**TASK DETAILS**. Copy the data below exactly, omitting any picture it contains.

### MATERIAL PROVIDED

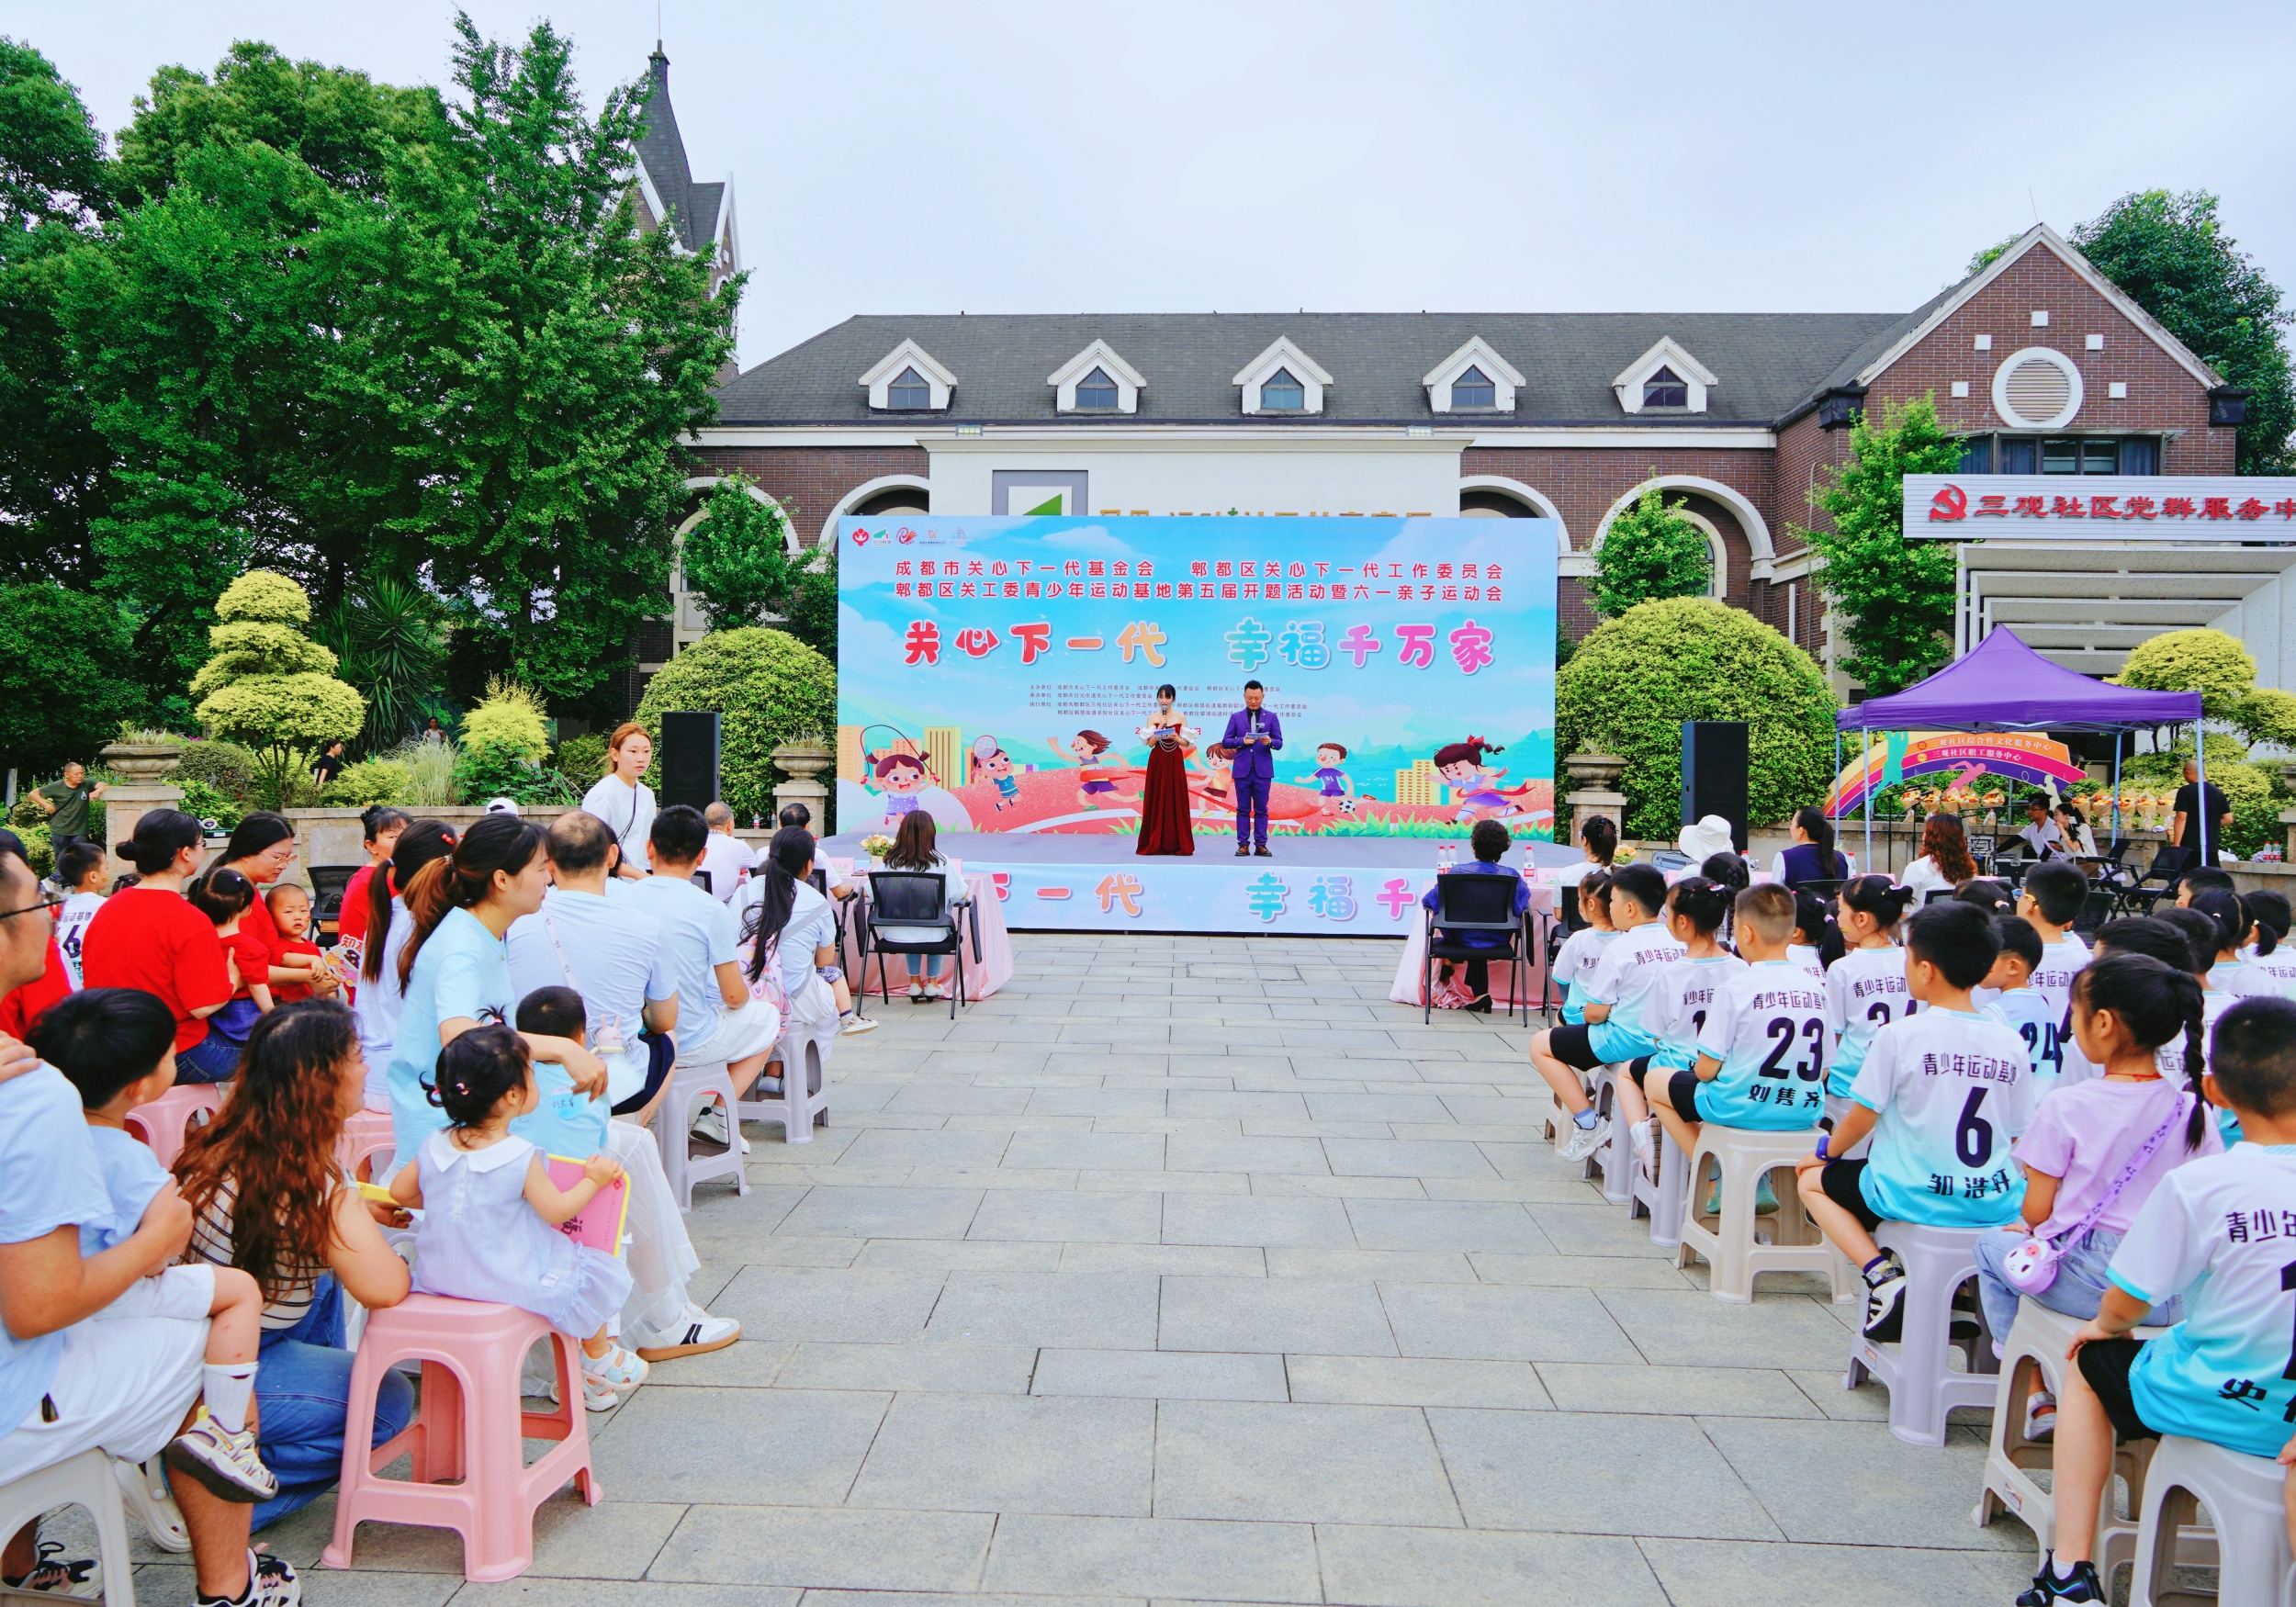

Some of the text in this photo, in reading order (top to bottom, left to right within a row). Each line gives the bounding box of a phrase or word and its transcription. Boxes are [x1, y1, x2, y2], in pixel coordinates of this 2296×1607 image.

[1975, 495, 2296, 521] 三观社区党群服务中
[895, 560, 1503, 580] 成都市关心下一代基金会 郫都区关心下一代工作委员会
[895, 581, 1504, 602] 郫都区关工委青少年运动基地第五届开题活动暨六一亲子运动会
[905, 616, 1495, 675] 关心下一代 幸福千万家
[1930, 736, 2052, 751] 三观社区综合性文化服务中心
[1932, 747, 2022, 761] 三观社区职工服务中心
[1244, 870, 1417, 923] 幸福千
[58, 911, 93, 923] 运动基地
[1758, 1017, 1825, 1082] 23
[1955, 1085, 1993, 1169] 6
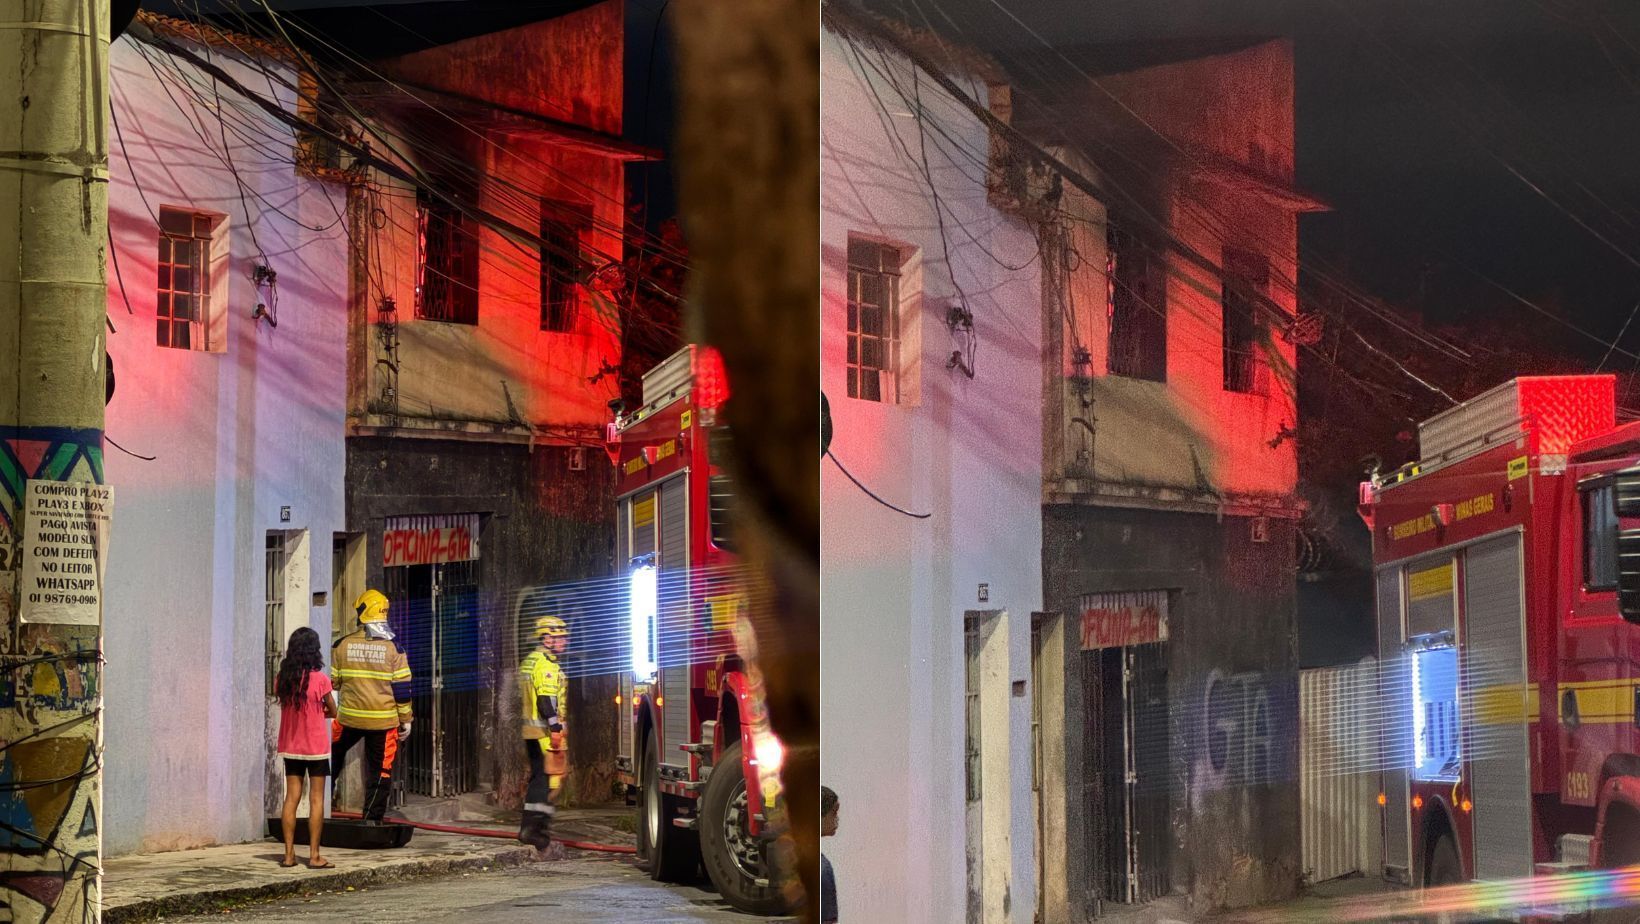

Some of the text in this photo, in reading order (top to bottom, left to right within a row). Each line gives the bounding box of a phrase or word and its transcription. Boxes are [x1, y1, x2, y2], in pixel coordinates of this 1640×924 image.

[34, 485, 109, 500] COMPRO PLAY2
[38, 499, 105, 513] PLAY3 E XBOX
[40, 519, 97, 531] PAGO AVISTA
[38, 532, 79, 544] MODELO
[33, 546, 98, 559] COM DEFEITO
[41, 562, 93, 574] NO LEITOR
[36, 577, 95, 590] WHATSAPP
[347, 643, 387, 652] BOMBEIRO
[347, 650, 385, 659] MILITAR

######

**RESPONSE TO THE TASK**.
Some of the text in this photo, in reading order (top to bottom, left to right within a row). Each line gives the bounding box of a phrase or word and its transcription. Boxes are [x1, y1, x2, y2], in pixel coordinates of this 2296×1607 image.

[1975, 495, 2296, 521] 三观社区党群服务中
[895, 560, 1503, 580] 成都市关心下一代基金会 郫都区关心下一代工作委员会
[895, 581, 1504, 602] 郫都区关工委青少年运动基地第五届开题活动暨六一亲子运动会
[905, 616, 1495, 675] 关心下一代 幸福千万家
[1930, 736, 2052, 751] 三观社区综合性文化服务中心
[1932, 747, 2022, 761] 三观社区职工服务中心
[1244, 870, 1417, 923] 幸福千
[58, 911, 93, 923] 运动基地
[1758, 1017, 1825, 1082] 23
[1955, 1085, 1993, 1169] 6

Some of the text in this photo, in reading order (top to bottom, left to right within a row). Each line gives the bounding box of a phrase or word and its transcription. Boxes are [x1, y1, x2, y2], in pixel coordinates of this 1640×924 image.

[34, 485, 109, 500] COMPRO PLAY2
[38, 499, 105, 513] PLAY3 E XBOX
[40, 519, 97, 531] PAGO AVISTA
[38, 532, 79, 544] MODELO
[33, 546, 98, 559] COM DEFEITO
[41, 562, 93, 574] NO LEITOR
[36, 577, 95, 590] WHATSAPP
[347, 643, 387, 652] BOMBEIRO
[347, 650, 385, 659] MILITAR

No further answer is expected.